__Dataset entries__:
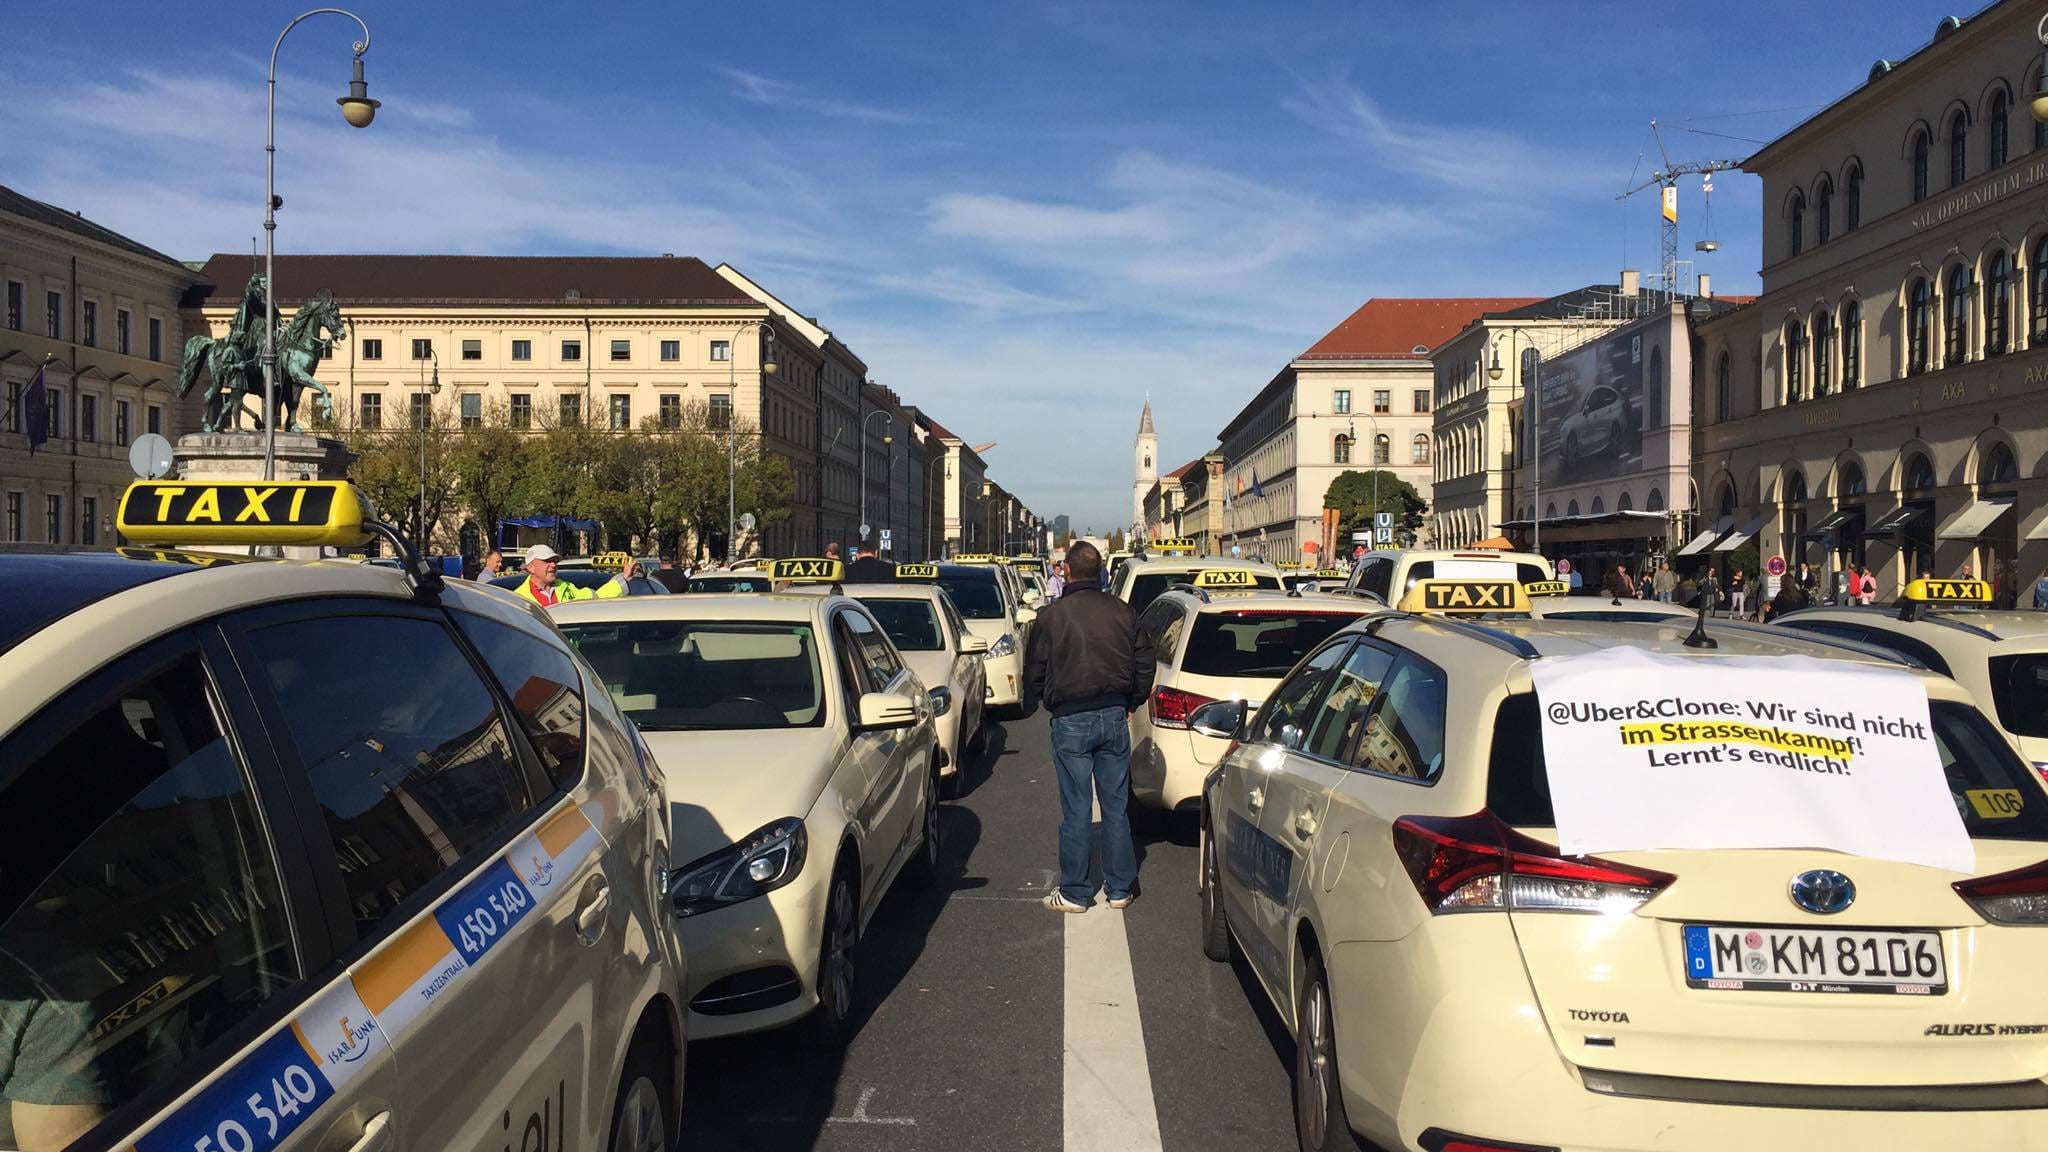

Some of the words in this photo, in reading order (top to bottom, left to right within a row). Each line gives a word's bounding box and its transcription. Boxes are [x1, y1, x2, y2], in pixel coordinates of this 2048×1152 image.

[1938, 173, 2020, 220] OPPENHEIM
[154, 487, 307, 522] TAXI
[780, 561, 829, 576] TAXI
[904, 566, 931, 575] TAXI
[1206, 572, 1245, 583] TAXI
[1429, 585, 1510, 607] TAXI
[1532, 582, 1560, 592] TAXI
[1928, 583, 1982, 599] TAXI
[1547, 697, 1742, 726] @Uber&Clone:
[1745, 700, 1798, 725] Wir
[1802, 707, 1857, 731] sind
[1862, 714, 1928, 741] nicht
[1620, 725, 1655, 746] im
[1660, 721, 1866, 757] Strassenkampf!
[1747, 745, 1853, 776] endlich!
[1981, 792, 2024, 814] 106
[457, 907, 497, 953] 450
[488, 880, 526, 926] 540
[1695, 957, 1706, 970] D
[1714, 933, 1743, 973] M
[1770, 934, 1827, 975] KM
[1836, 936, 1939, 978] 8106
[420, 958, 465, 1001] TAXIZENTRALE
[1708, 980, 1744, 990] TOYOTA
[1822, 984, 1851, 993] München
[1895, 985, 1931, 994] TOYOTA
[1568, 1008, 1631, 1024] TOYOTA
[1923, 1023, 1997, 1037] AURIS
[246, 1064, 317, 1141] 540

__Problem to solve__: Set down the material above word for word and skip its pictures.

__Task answer__:
Some of the words in this photo, in reading order (top to bottom, left to right within a row). Each line gives a word's bounding box and its transcription. Boxes are [x1, y1, x2, y2], in pixel coordinates of this 2048×1152 image.

[1938, 173, 2020, 220] OPPENHEIM
[154, 487, 307, 522] TAXI
[780, 561, 829, 576] TAXI
[904, 566, 931, 575] TAXI
[1206, 572, 1245, 583] TAXI
[1429, 585, 1510, 607] TAXI
[1532, 582, 1560, 592] TAXI
[1928, 583, 1982, 599] TAXI
[1547, 697, 1742, 726] @Uber&Clone:
[1745, 700, 1798, 725] Wir
[1802, 707, 1857, 731] sind
[1862, 714, 1928, 741] nicht
[1620, 725, 1655, 746] im
[1660, 721, 1866, 757] Strassenkampf!
[1747, 745, 1853, 776] endlich!
[1981, 792, 2024, 814] 106
[457, 907, 497, 953] 450
[488, 880, 526, 926] 540
[1695, 957, 1706, 970] D
[1714, 933, 1743, 973] M
[1770, 934, 1827, 975] KM
[1836, 936, 1939, 978] 8106
[420, 958, 465, 1001] TAXIZENTRALE
[1708, 980, 1744, 990] TOYOTA
[1822, 984, 1851, 993] München
[1895, 985, 1931, 994] TOYOTA
[1568, 1008, 1631, 1024] TOYOTA
[1923, 1023, 1997, 1037] AURIS
[246, 1064, 317, 1141] 540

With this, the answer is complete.